Я все еще не успел приобрести расположения этой особы; даже, напротив,
она еще пуще стала на меня нападать за все про все. Особенно усилилось ее
неудовольствие на меня за последнее время: она видеть не могла моего
франтовского платья, а Лиза передавала мне, что с ней почти случился
припадок, когда она узнала, что у меня лихач-извозчик. Я кончил тем, что по
возможности стал избегать с ней встречи. Два месяца назад, после отдачи
наследства, я было забежал к ней поболтать о поступке Версилова, но не
встретил ни малейшего сочувствия; напротив, она была страшно обозлена: ей
очень не понравилось, что отдано все, а не половина; мне же она резко тогда
заметила: - Бьюсь об заклад, ты уверен, что он и деньги отдал и на дуэль вызывал,
единственно чтоб поправиться в мнении Аркадия Макаровича.
И ведь почти она угадала: в сущности я что-то в этом роде тогда
действительно чувствовал.
Я тотчас понял, только что она вошла, что она непременно на меня
накинется; даже был немножко уверен, что она, собственно, для этого и
пришла, а потому я стал вдруг необыкновенно развязен; да и ничего мне это не
стоило, потому что я все еще, с давешнего, продолжал быть в радости и в
сиянии. Замечу раз навсегда, что развязность никогда в жизни не шла ко мне,
то есть не была мне к лицу, а, напротив, всегда покрывала меня позором. Так
случилось и теперь: я мигом проврался; без всякого дурного чувства, а чисто
из легкомыслия; заметив, что Лиза ужасно скучна, я вдруг брякнул, даже и не
подумав о том, что говорю: - В кои-то веки я здесь обедаю, и вот ты, Лиза, как нарочно, такая
скучная! - У меня голова болит, — ответила Лиза.

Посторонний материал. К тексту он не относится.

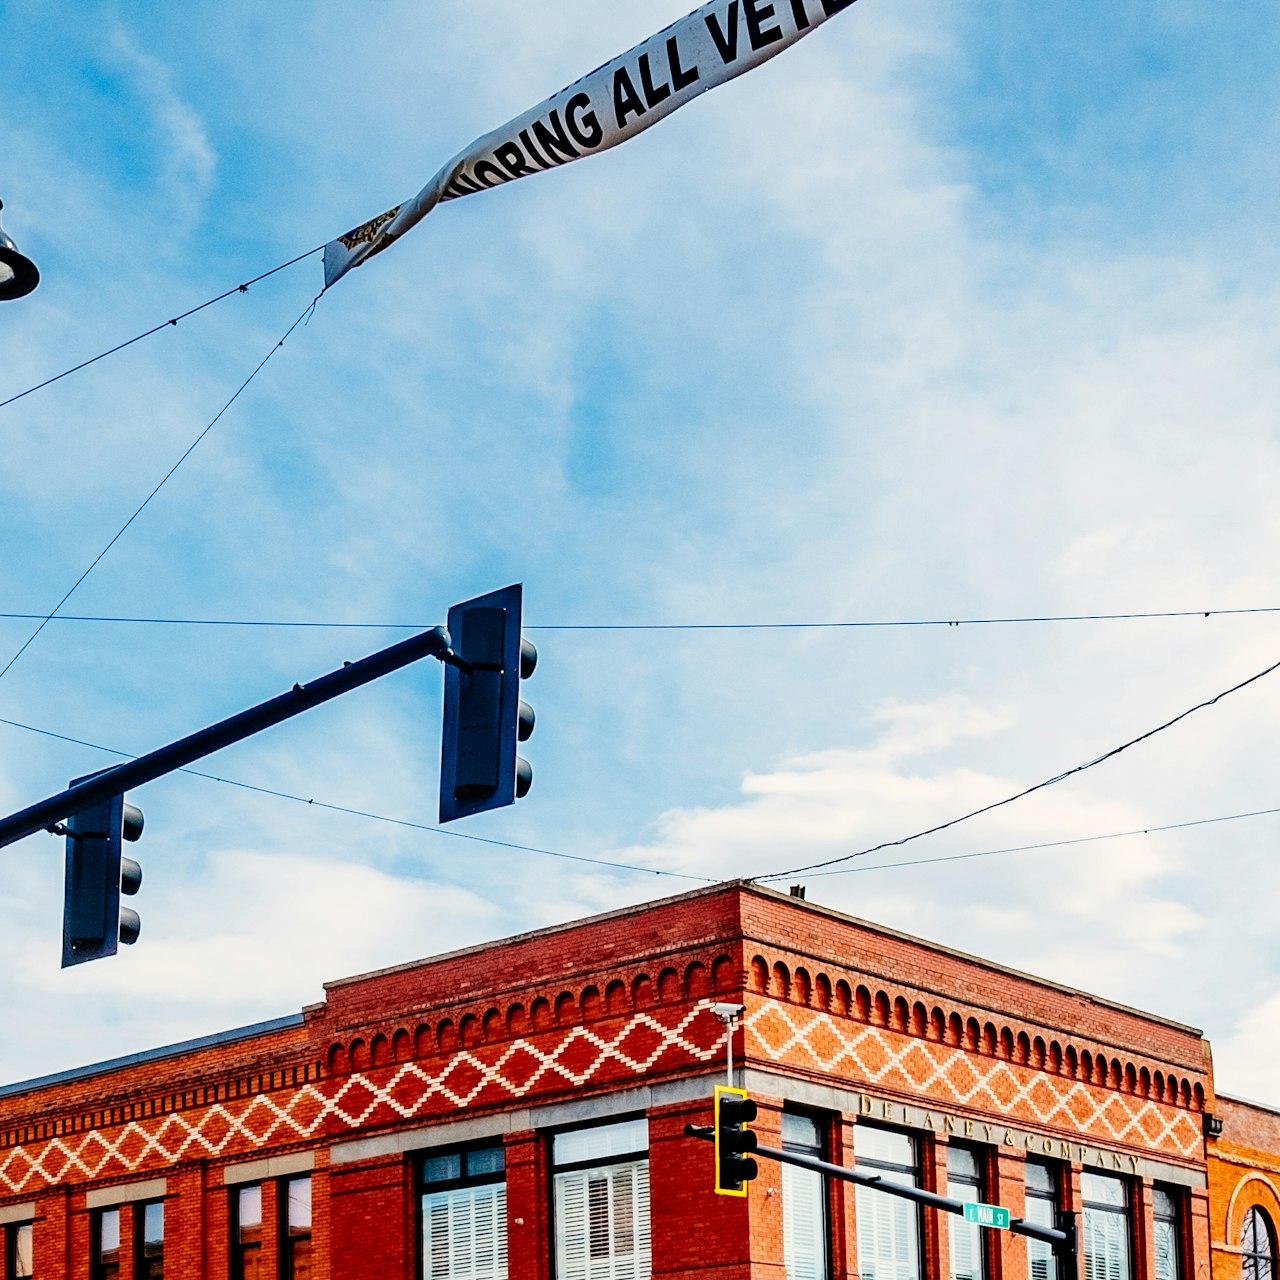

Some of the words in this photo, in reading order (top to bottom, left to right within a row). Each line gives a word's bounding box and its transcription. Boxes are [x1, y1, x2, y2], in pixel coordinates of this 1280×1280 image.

- Ах, боже мой, — вцепилась Татьяна Павловна, — что ж, что больна?
Аркадий Макарович изволил приехать обедать, должна плясать и веселиться. - Вы решительно — несчастье моей жизни, Татьяна Павловна; никогда не
буду при вас сюда ездить! — и я с искренней досадой хлопнул ладонью по
столу; мама вздрогнула, а Версилов странно посмотрел на меня. Я вдруг
рассмеялся и попросил у них прощения. - Татьяна Павловна, беру слово о несчастье назад, — обратился я к ней,
продолжая развязничать. - Нет, нет, — отрезала она, — мне гораздо лестнее быть твоим
несчастьем, чем наоборот, будь уверен. - Милый мой, надо уметь переносить маленькие несчастия жизни, —
промямлил, улыбаясь, Версилов, — без несчастий и жить не стоит. - Знаете, вы — страшный иногда ретроград, — воскликнул я, нервно
смеясь. - Друг мой, это наплевать.
- Нет, не наплевать! Зачем вы ослу не говорите прямо, когда он — осел?
- Уж ты не про себя ли? Я, во-первых, судить никого не хочу и не могу.
- Почему не хотите, почему не можете?
- И лень, и претит. Одна умная женщина мне сказала однажды, что я не
имею права других судить потому, что «страдать не умею», а чтобы стать
судьей других, надо выстрадать себе право на суд. Немного высокопарно, но в
применении ко мне, может, и правда, так что я даже с охотой покорился
суждению. - Да неужто ж это Татьяна Павловна вам сказала? — воскликнул я.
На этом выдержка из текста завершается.